Take the entries below and write them out exactly, with each picture removed.

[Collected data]

= = = = = = =

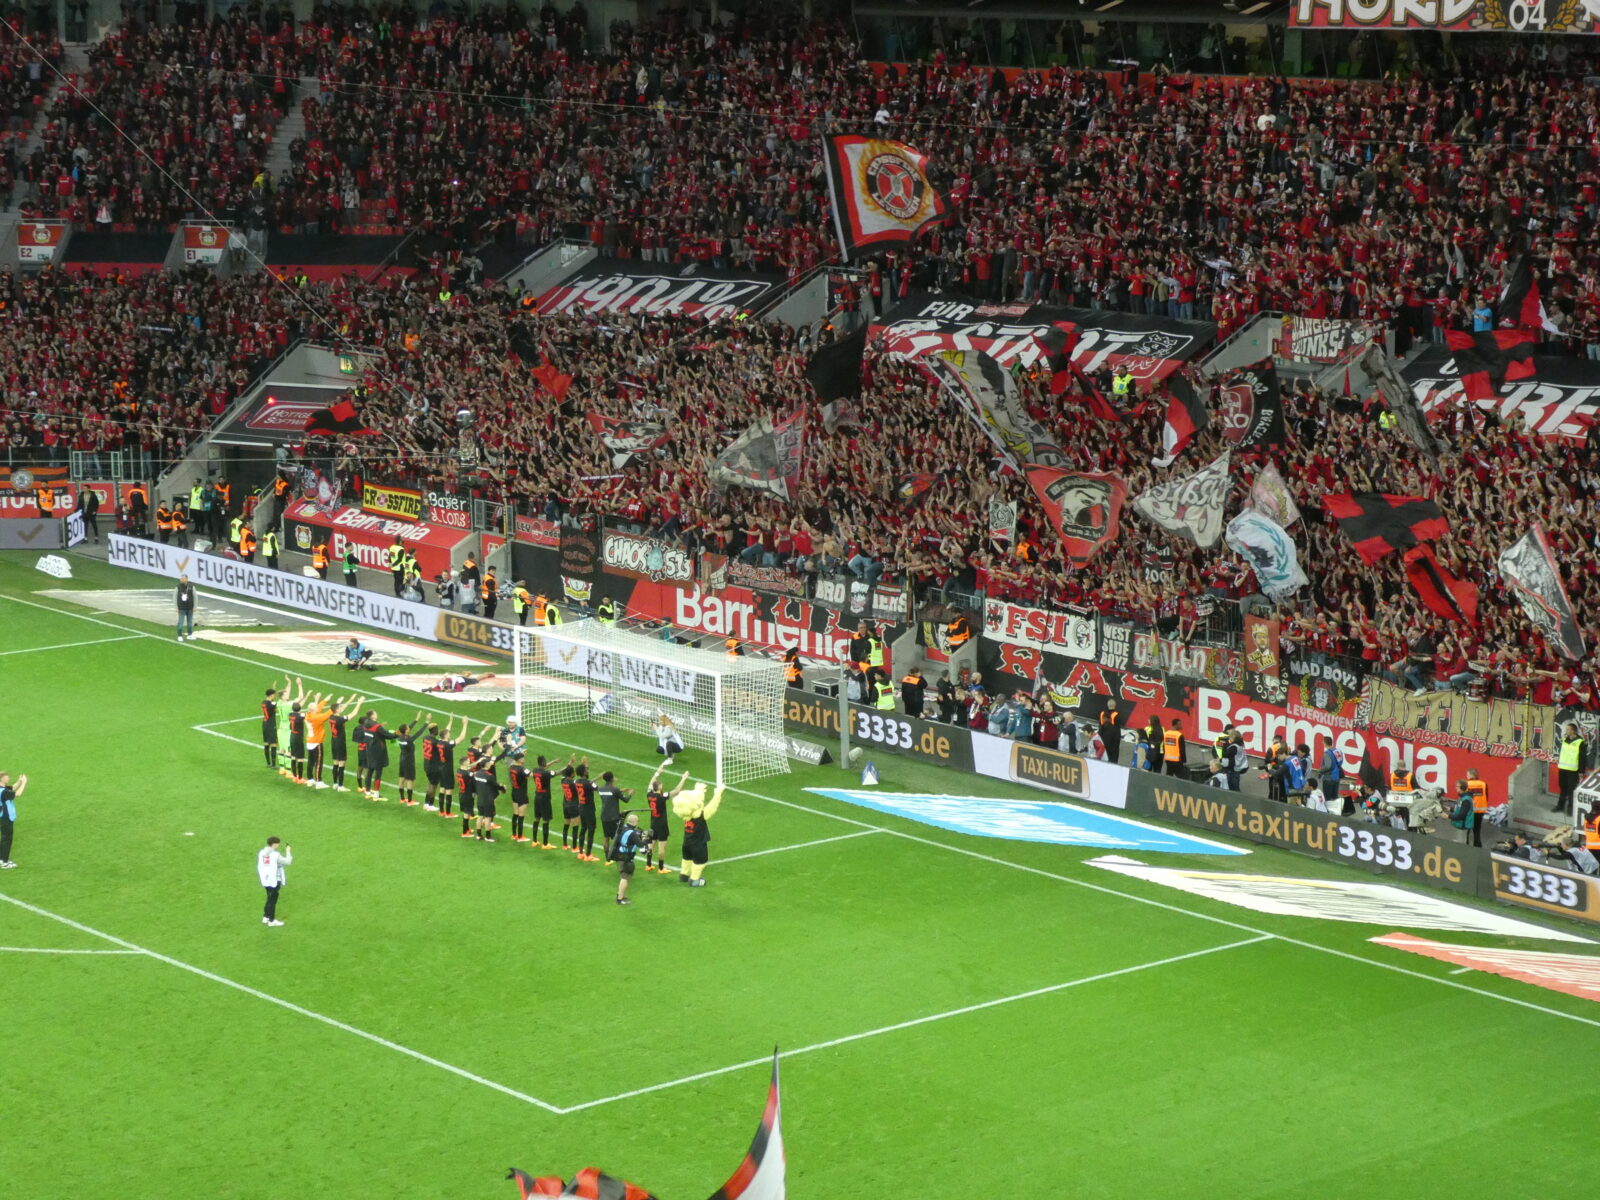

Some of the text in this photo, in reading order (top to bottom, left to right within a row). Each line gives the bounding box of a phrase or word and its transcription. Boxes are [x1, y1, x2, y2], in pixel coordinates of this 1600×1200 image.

[21, 248, 33, 257] E2
[187, 250, 196, 259] E1
[917, 300, 975, 321] FÜR
[428, 492, 467, 511] Bayer
[333, 508, 430, 541] Barenia
[108, 539, 166, 570] AHRTEN
[334, 533, 391, 568] Barme
[605, 531, 649, 567] CHAOS
[197, 558, 420, 631] FLUGHAFENTRANSFER u.v.m.
[1006, 605, 1069, 647] FSI
[1102, 623, 1131, 642] WEST
[1101, 638, 1129, 657] SIDE
[1100, 652, 1129, 670] BOYZ
[1290, 660, 1320, 676] MAD
[1287, 702, 1354, 730] LEVERKUSEN
[800, 747, 821, 760] trive
[1021, 754, 1079, 785] TAXI-RUF
[1153, 787, 1462, 883] www.taxiruf3333.de

= = = = = = =

**Response to the task**
Some of the text in this photo, in reading order (top to bottom, left to right within a row). Each line gives the bounding box of a phrase or word and its transcription. Boxes are [x1, y1, x2, y2], in pixel coordinates of this 1600×1200 image.

[21, 248, 33, 257] E2
[187, 250, 196, 259] E1
[917, 300, 975, 321] FÜR
[428, 492, 467, 511] Bayer
[333, 508, 430, 541] Barenia
[108, 539, 166, 570] AHRTEN
[334, 533, 391, 568] Barme
[605, 531, 649, 567] CHAOS
[197, 558, 420, 631] FLUGHAFENTRANSFER u.v.m.
[1006, 605, 1069, 647] FSI
[1102, 623, 1131, 642] WEST
[1101, 638, 1129, 657] SIDE
[1100, 652, 1129, 670] BOYZ
[1290, 660, 1320, 676] MAD
[1287, 702, 1354, 730] LEVERKUSEN
[800, 747, 821, 760] trive
[1021, 754, 1079, 785] TAXI-RUF
[1153, 787, 1462, 883] www.taxiruf3333.de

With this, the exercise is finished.